Abu Dhabi, UAEMonday 19 March 2018

Homefront: How do I tackle my Abu Dhabi neighbour's noisy parties?

The reader says the parties are held every week in the apartment block he lives in, keeping his family awake

Property expert Mario Volpi suggests contacting the building's management or security to resolve the problem. Photo: Getty Images
Property expert Mario Volpi suggests contacting the building's management or security to resolve the problem. Photo: Getty Images

Every week, a tenant in the building I rent a flat in holds a very noisy party with many guests and loud music etc. Sometimes this goes on into the early hours, keeping my family awake. I have tried to reason with this person but to no avail. I have also informed the landlord but nothing has been done. How do I manage this situation? HA, Abu Dhabi

When it comes to matters of unsociable behaviour there are a few things that can be done to eradicate this problem.
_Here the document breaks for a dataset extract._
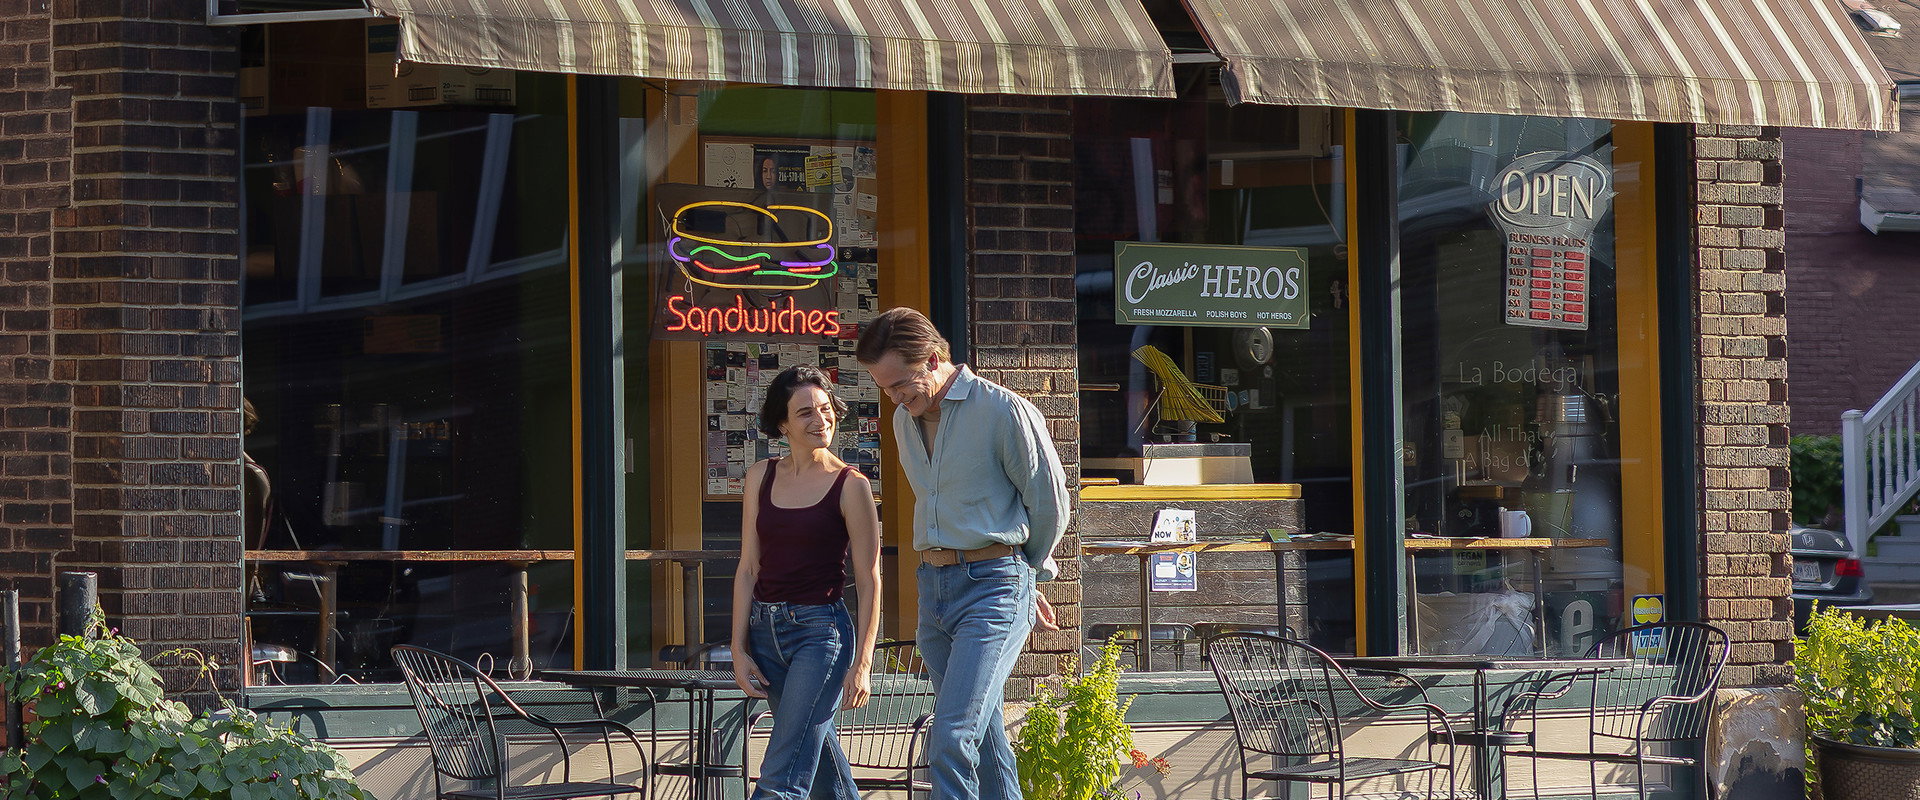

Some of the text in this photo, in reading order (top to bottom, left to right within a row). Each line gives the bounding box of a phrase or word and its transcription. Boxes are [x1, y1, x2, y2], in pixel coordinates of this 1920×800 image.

The first is to speak to the occupants to explain that their behaviour is not reasonable for others to tolerate. The second is to inform their landlord directly. As you have already tackled both of these suggestions to no avail, the third option available to you is to speak to the building management/security. They ought to speak to the occupants directly and this should be enough to either get the music/noise turned down sufficiently or closed off.

If none of this works, the final option is to call the police who, no doubt will pay a visit to the neighbours. This in itself should stop the party all-together.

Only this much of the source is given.